For the purposes of this essay, we are exploring paradigm in the second sense. However, we acknowledge that for some pragmatists, including Morgan, researchers do not need a paradigm in this second sense. This may be a case where the basic assumptions around paradigms differ so much that comparison becomes difficult (see Jackson and Carter, 1991). While we will explore why we believe paradigm qua a stance towards epistemology is important, this will still at some level be an assumption of this article. We will return to this in the limitations section.
When paradigms are seen in this second way, we find it useful to express them as an argument of the following form: Ontology is thus; therefore, research should be so.

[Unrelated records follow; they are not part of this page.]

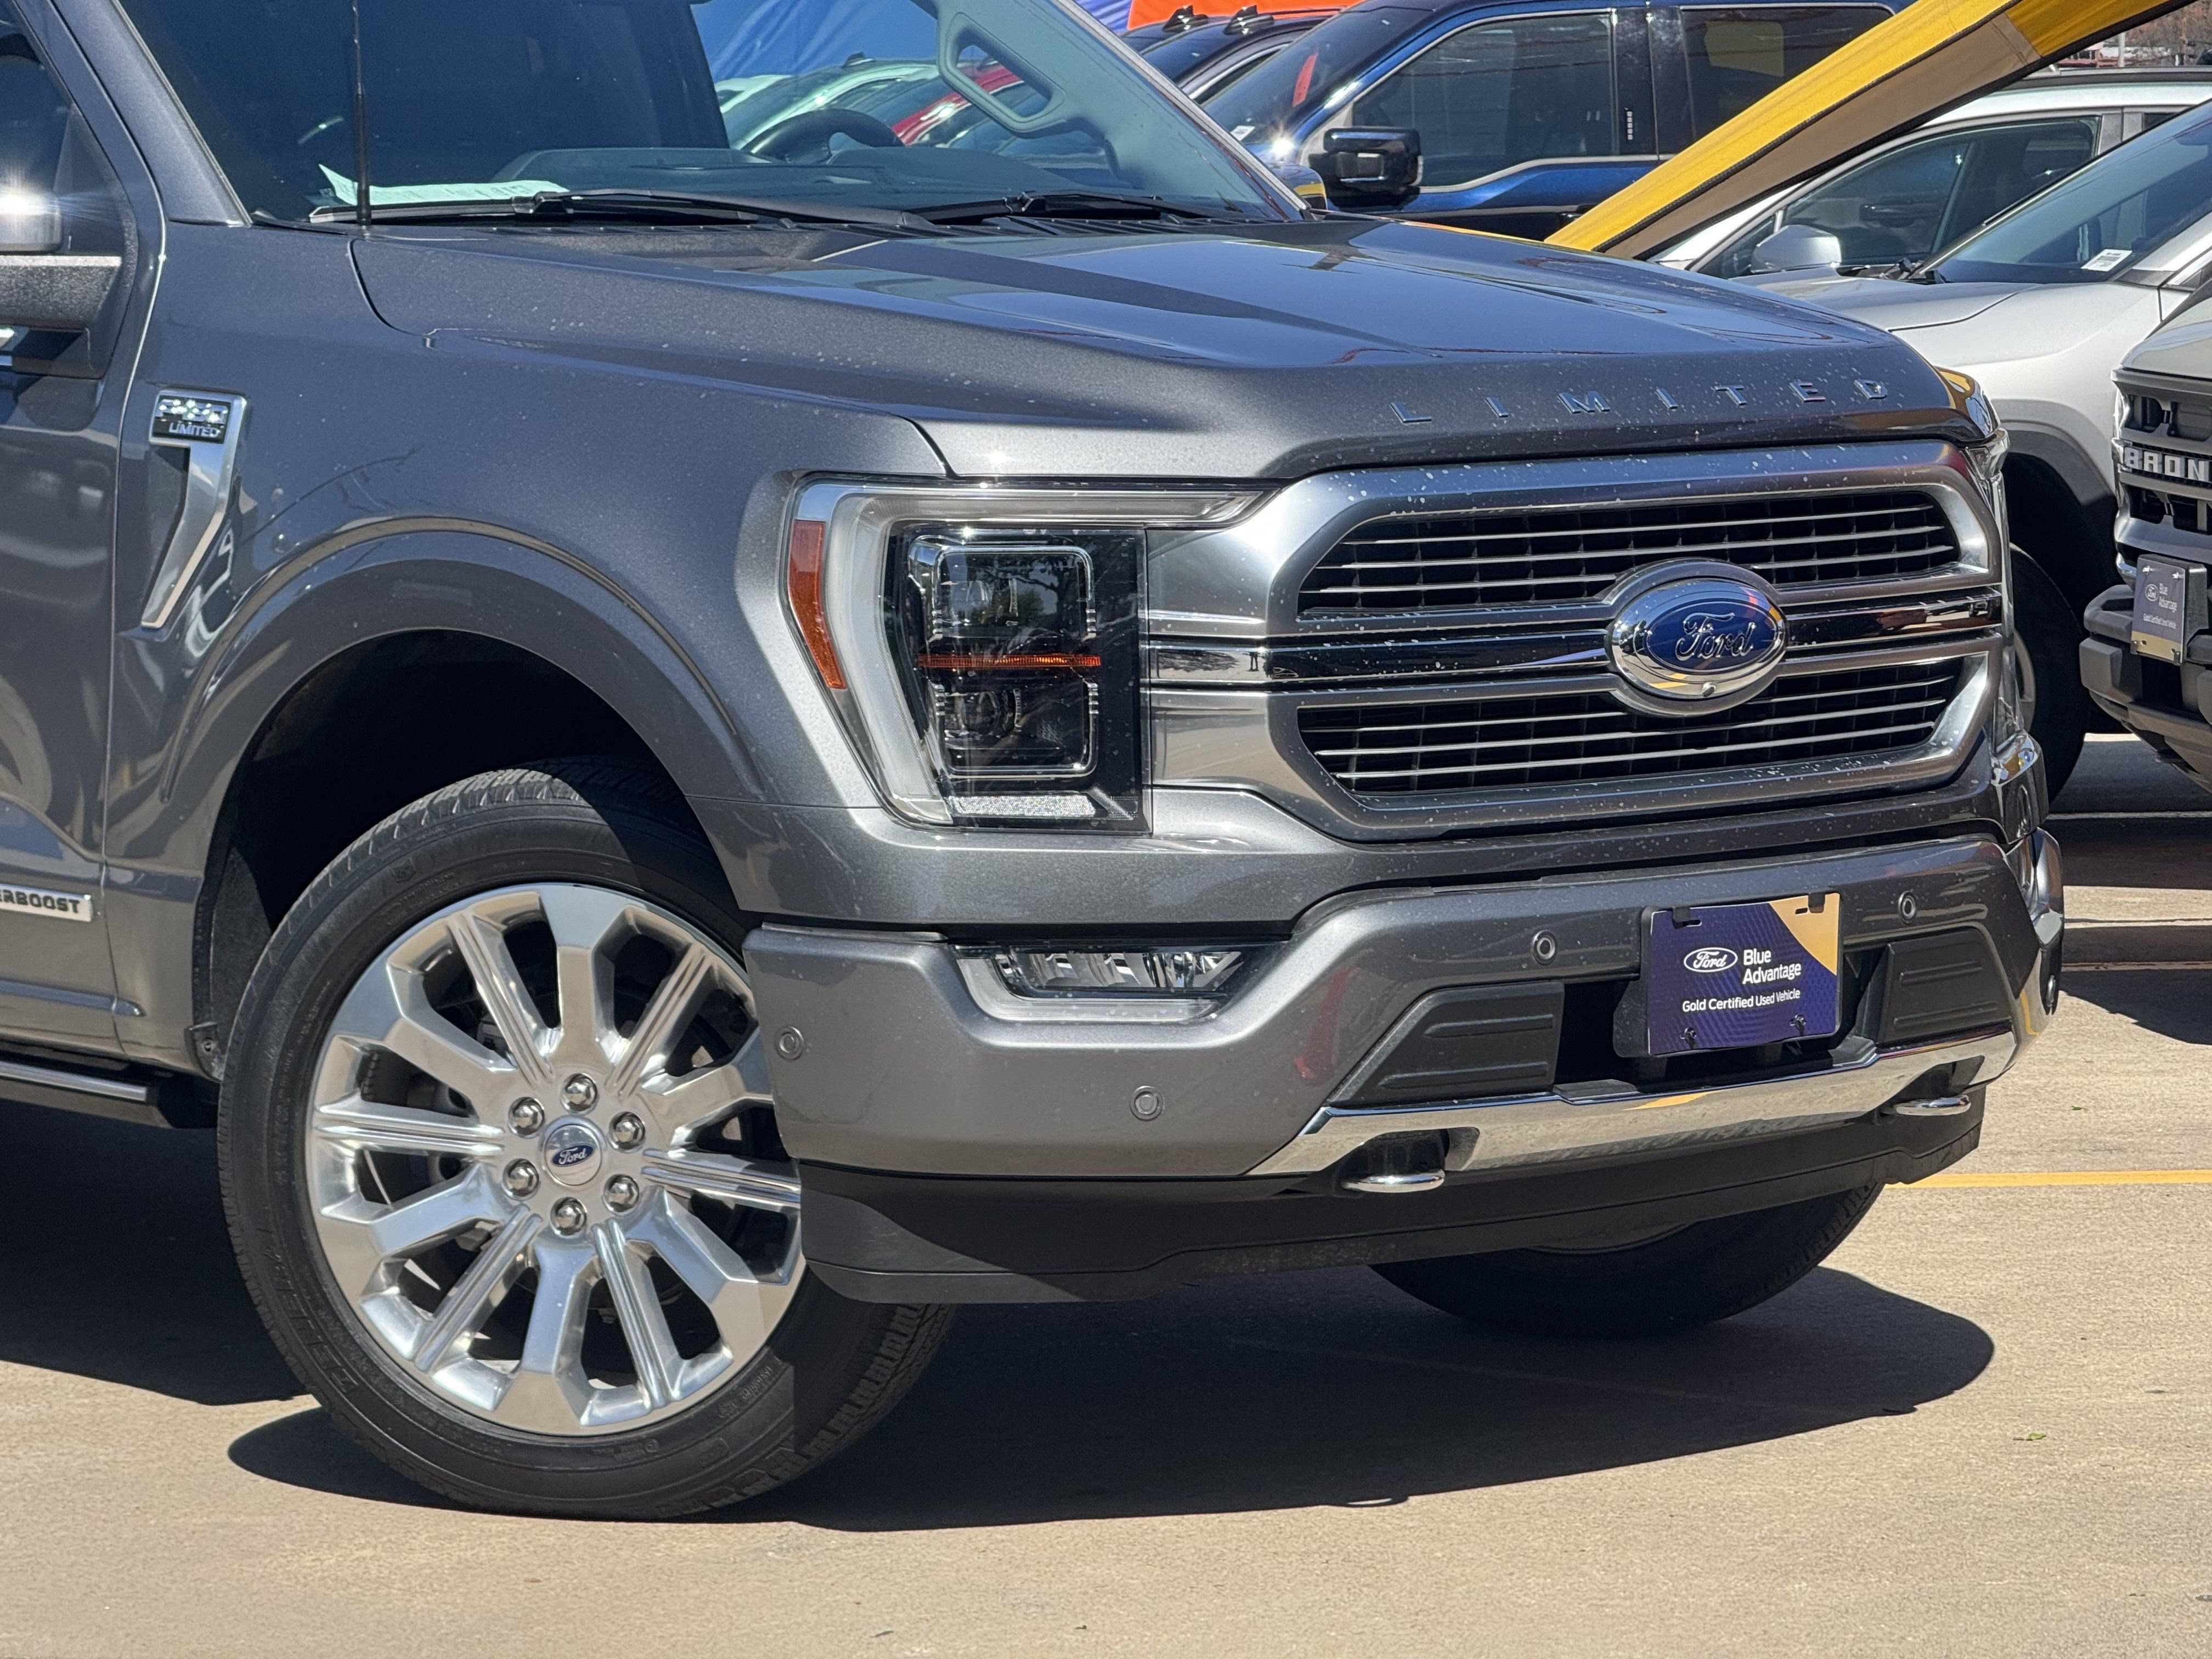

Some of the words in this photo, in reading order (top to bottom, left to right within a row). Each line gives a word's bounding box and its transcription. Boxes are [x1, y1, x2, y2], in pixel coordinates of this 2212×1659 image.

[1390, 379, 1888, 425] LIMITED
[169, 421, 221, 438] LIMITED
[1675, 612, 1756, 661] Ford
[0, 889, 79, 913] RBOOST
[1693, 951, 1728, 968] Ford
[1743, 949, 1771, 966] Blue
[1742, 963, 1802, 985] Advantage
[1682, 999, 1706, 1012] Gold
[1708, 995, 1754, 1010] Certified
[1755, 992, 1775, 1006] Used
[1775, 988, 1801, 1002] Vehicle
[558, 1147, 588, 1165] Ford

This highlights something important and useful for us as researchers: the normative nature of paradigms (in the sense that they imply an “ought”) and the link between ontology, epistemology, and methodology within a paradigm.
This paper will frequently refer to three paradigms: postpositivist, constructivist, and pragmatic. A more extensive attempt to define pragmatism is offered later in this paper, but the following definitions of postpositivism and constructivism are offered based on Guba and Lincoln, 1994.
Postpositivism
Ontology is thus: There is an external world, but we have imperfect access to it. Therefore, research should be so: We should corroborate hypotheses by attempting to falsify them with experiments or by testing them against pre-existing data.
Constructivism
Ontology is thus: Our experiences of reality are constructed and personal to us. We have no direct access to anything beyond this. Therefore, research should be so: The goal of research is to gain a more informed and sophisticated understanding of the multiple constructed realities held by people in the research context.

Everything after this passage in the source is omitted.